Russia Retreats to Autarky As Poverty Looms

October 20, 2015

Russia is running out of money even as the country has escalated the war in Syria. With oil wealth evaporating, Vladimir Putin is falling back on Soviet-era self-reliance. The three big rating agencies have all issued alerts, warning that the country’s public finances are deteriorating fast and furiously.

Prospects of an oil revival look bleak, making matters worse.

Standard & Poor’s says the budget deficit will balloon to 4.4% of GDP this year, including short-falls in local government spending and social security. Rich economies with deep capital markets can manage such deficits. However it’s another story for Russia in the midst of a commodity slump and a geopolitical showdown with the West. Oil and gas revenues cover half the budget.

“They can’t afford to run deficits at all. By the end of next year, there won’t be any money left in the oil reserve fund”, says Lubomir Mitov from Unicredit. Even the country’s finance ministry has admitted that the funds will be exhausted within 16 months on current policies. Alexei Kudrin, the former finance minister, says Kremlin cannot raise loans to ride out the oil bust. The pool of internal savings is pitifully small.
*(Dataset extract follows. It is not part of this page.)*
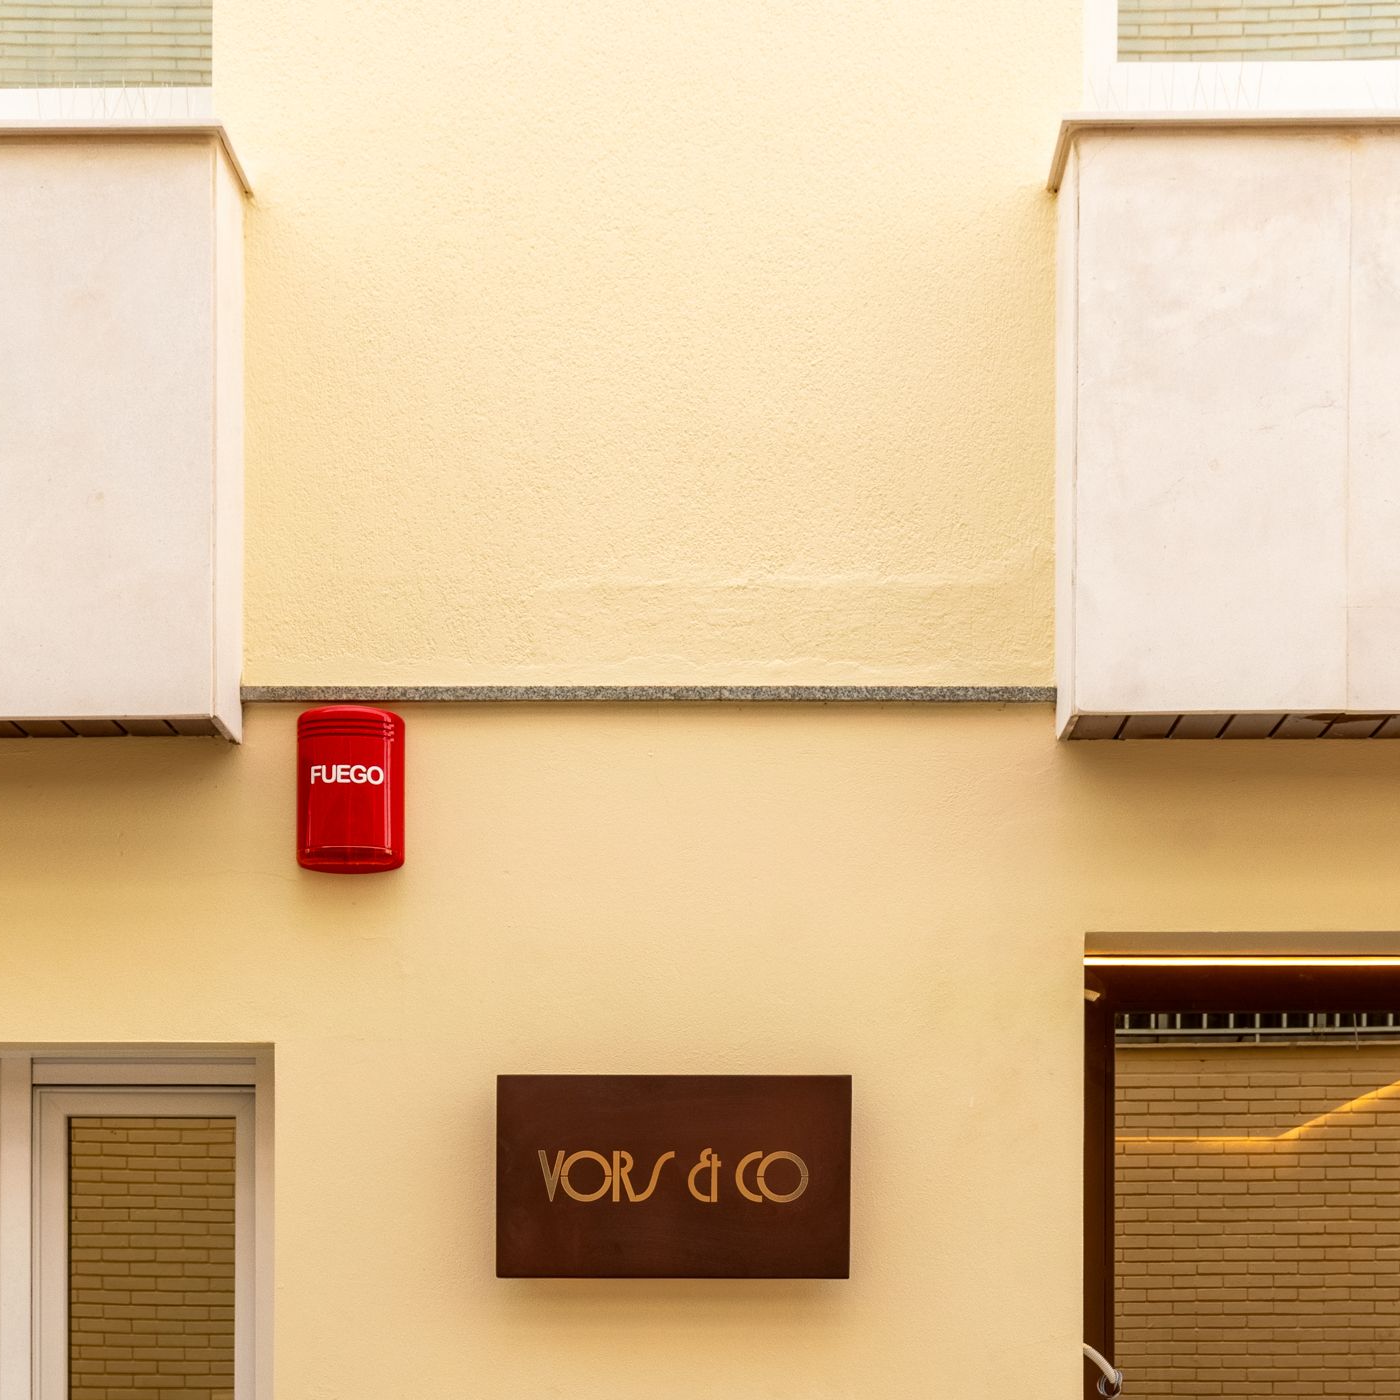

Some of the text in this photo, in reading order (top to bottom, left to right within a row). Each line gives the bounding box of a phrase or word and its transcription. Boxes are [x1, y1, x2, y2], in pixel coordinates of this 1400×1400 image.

[310, 764, 384, 785] FUEGO
[538, 1147, 809, 1203] VORS & CO
Kudrin had tended his resignation in 2011 protesting Russia’s military build-up, fearing that it would test public finances. Events are unfolding just like he had suggested.

Diplomats are saying that wars in Syria and Ukraine are eating into the country’s budget. Cruise missiles are not cheap.

The Kremlin has gone back to the drawing board, working from the assumption that oil will remain stuck at $50 a barrel for the next 3 years. Russia’s central bank had also issued a warning about this earlier.

Putin claims to have an ace up his sleeve.

Russia will fall back on industrial self-reliance and import substitution. “Our policies are not frozen. They adapt to circumstances”, he said.

The Kremlin is launching a radical plan to slash imports across 20 key sectors within 5 years, ranging from heavy machinery to electrical engineering, photonics, cars, tractors, chemicals, pharmaceuticals, and food.